Work item: Give the entries again exactly. Skip the pictures.

Saved data entries:
━━━━━━━━━━━━━━━━

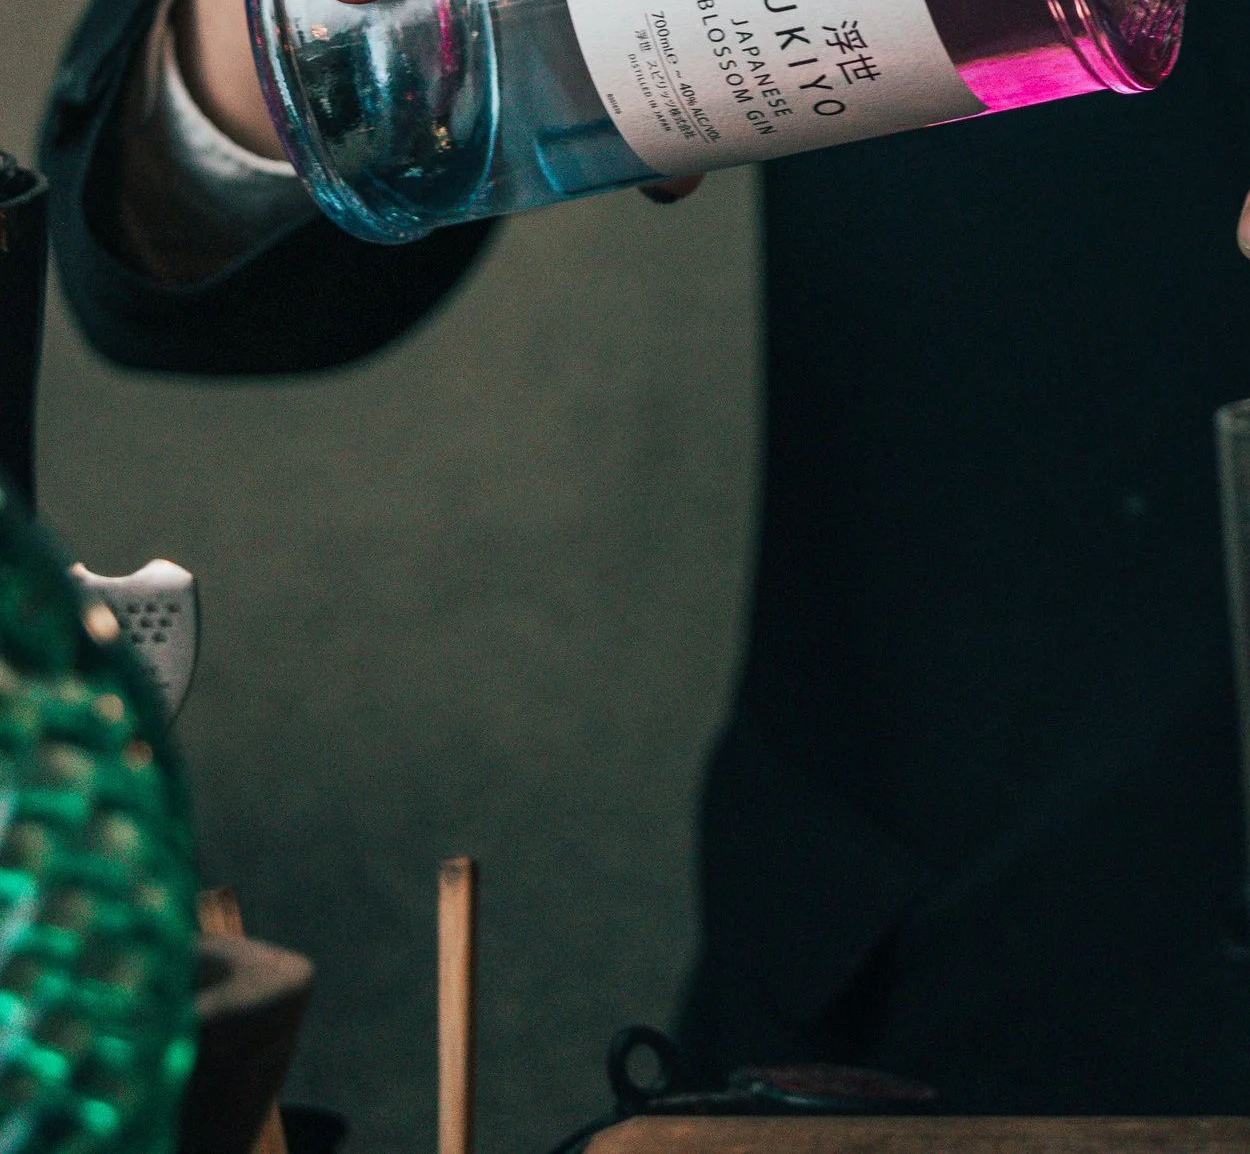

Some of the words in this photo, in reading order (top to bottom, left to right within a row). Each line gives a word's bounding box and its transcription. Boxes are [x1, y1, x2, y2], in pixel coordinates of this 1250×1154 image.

[731, 19, 793, 117] JAPANESE
[822, 20, 881, 85] 浮世
[628, 53, 651, 98] DISTILLED
[649, 99, 658, 109] IN
[654, 110, 672, 133] JAPAN
[679, 82, 698, 106] 40%
[691, 107, 722, 143] ALC/VOL
[746, 110, 776, 136] GIN

━━━━━━━━━━━━━━━━

Task answer:
Some of the words in this photo, in reading order (top to bottom, left to right within a row). Each line gives a word's bounding box and its transcription. Boxes are [x1, y1, x2, y2], in pixel coordinates of this 1250×1154 image.

[731, 19, 793, 117] JAPANESE
[822, 20, 881, 85] 浮世
[628, 53, 651, 98] DISTILLED
[649, 99, 658, 109] IN
[654, 110, 672, 133] JAPAN
[679, 82, 698, 106] 40%
[691, 107, 722, 143] ALC/VOL
[746, 110, 776, 136] GIN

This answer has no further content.